Casinos were just starting to reopen after weeks of closures forced by COVID-19 when a statewide dusk-to-dawn curfew was imposed Sunday. But most casinos said they did not expect to change their hours or operations in the face of the curfew. (Photo by Cronkite News)

Public spaces around Arizona may have been closed overnight by a statewide curfew this week, but the casinos have stayed open.

After being closed for months by COVID-19, casinos around Arizona had just started to reopen when Gov. Doug Ducey on Sunday imposed a statewide dusk-to-dawn curfew in response to protests over George Floyd’s death at the hands of Minneapolis police officers.

But casinos around the state said their hours are unchanged, curfew or no curfew.

Gila River Indian Community Gov. Stephen Roe Lewis announced in a Facebook video Sunday that the order would not apply to people traveling to and from the tribe’s casinos after curfew.

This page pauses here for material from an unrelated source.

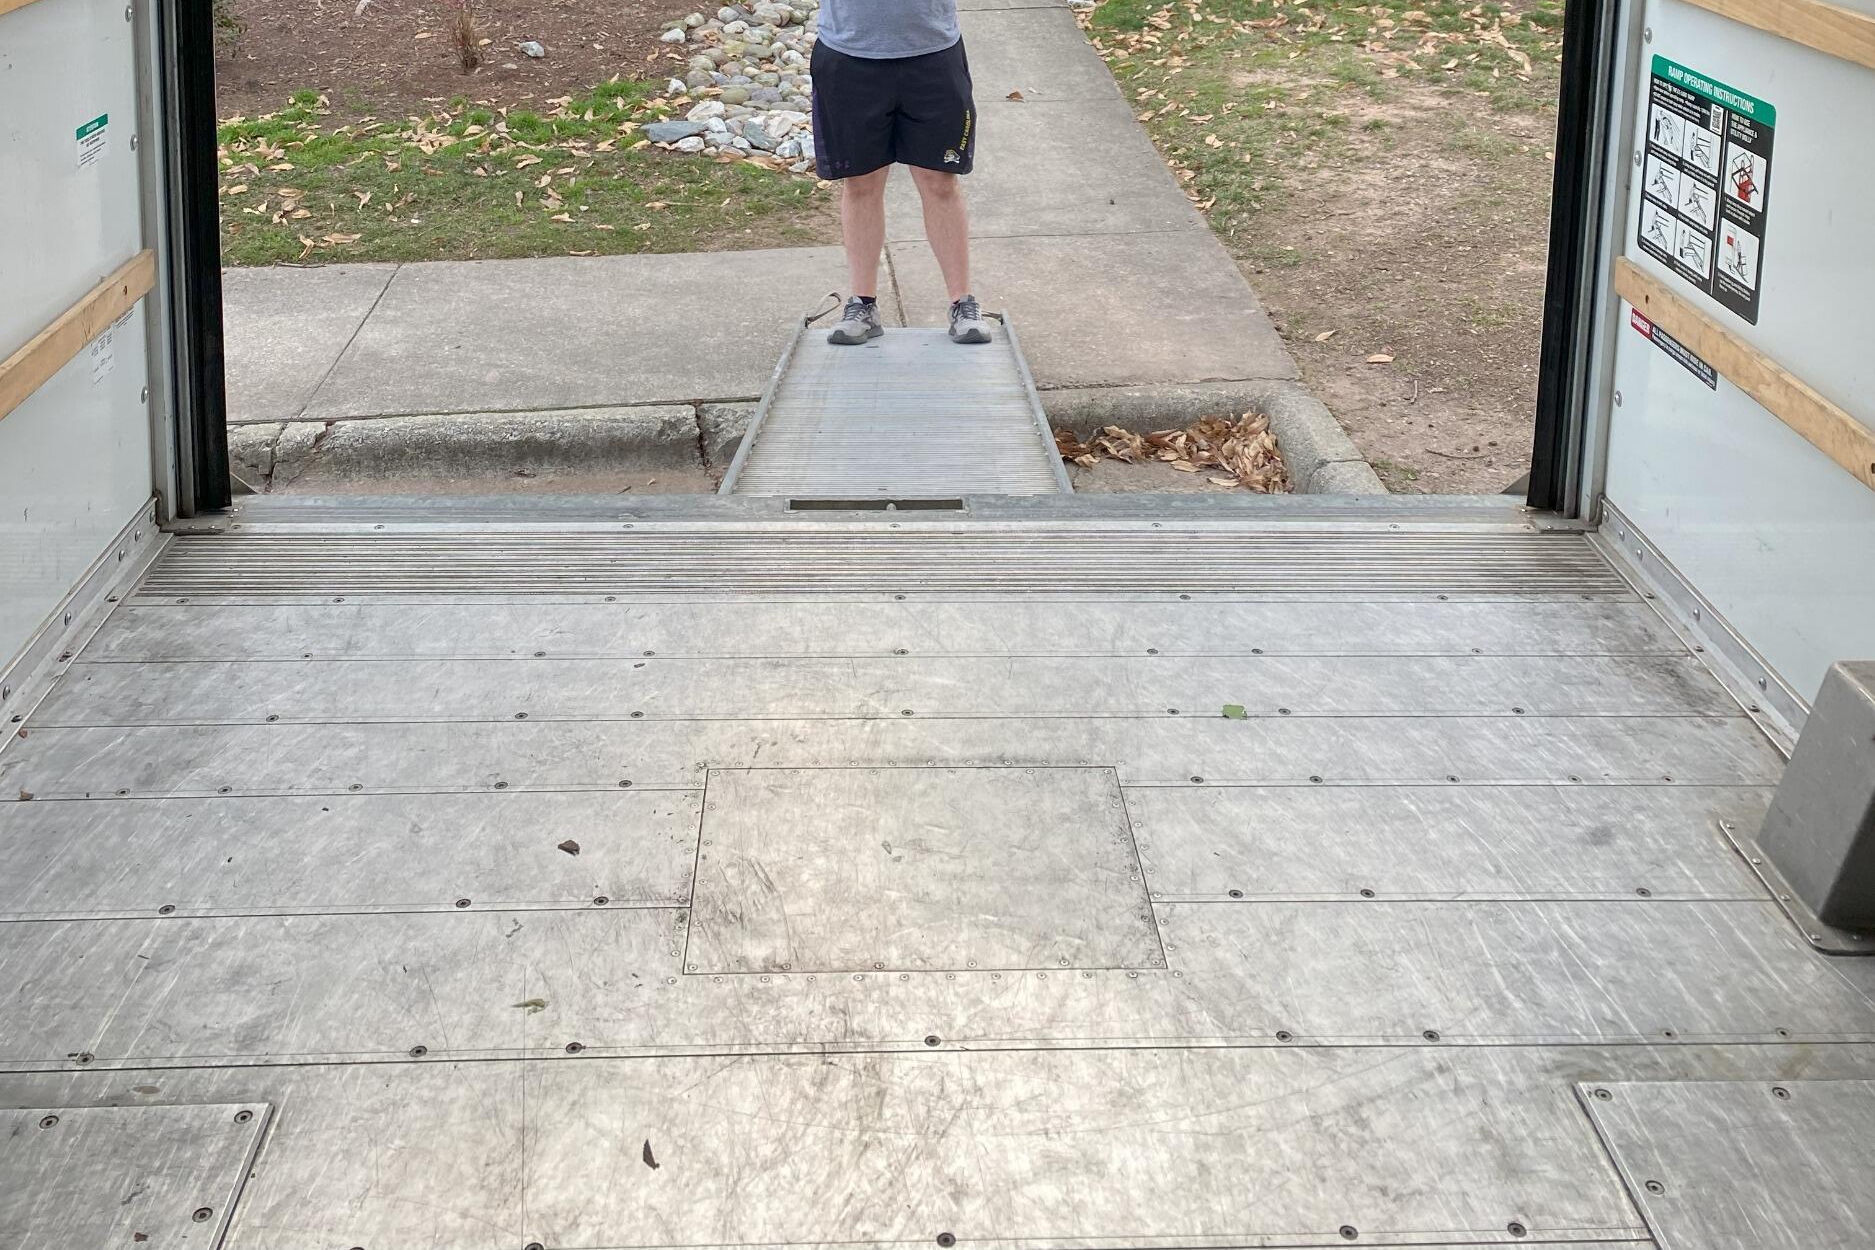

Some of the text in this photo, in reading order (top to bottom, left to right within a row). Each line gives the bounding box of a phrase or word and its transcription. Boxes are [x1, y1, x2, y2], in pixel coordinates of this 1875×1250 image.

“The decision was made in accordance with Gila Gaming Enterprises and Community Council for our community’s casinos to remain open as well, knowing that our community has the resources to maintain security and protection,” Lewis said in the video.

The curfew, which runs from 8 p.m. to 5 a.m. every day until Monday, allows people to travel to and from work and is being loosely enforced by most police agencies. Lewis said in the video that the order is targeted at those acting lawlessly during protests, not casino patrons.

The tribe’s three casinos – Lone Butte, Wild Horse Pass and Vee Quiva – were among the first to reopen, along with Fort McDowell Casino and Harrah’s Ak-Chin Hotel and Casino, on May 15 after the COVID-19 stay-at-home order ended.

Talking Stick Resort, Casino Arizona, Cliff Castle Casino and Cocopah Casino opened Monday, the day after the curfew took effect, while the Pascua Yaqui Tribe’s Casino Del Sol and the Tohono O’odham Nation’s Desert Diamond casinos are set to open this week.

The reopenings were a bit of good news after pandemic-related shutdown hit casinos, and tribes, hard.

“There is no other way to say it except it’s a massive impact – negative impact,” said Alan Meister, CEO of Meister Economic Consulting, which studies the gaming industry.

Meister said that while most casinos’ revenues went to zero when everything closed, tribal governments still had costs for maintaining buildings during the closure. Opening back up, he said, is how tribal governments can start to earn back that revenue.

And it’s not just tribal governments that were hurting, but also casino employees and vendors, Meister said.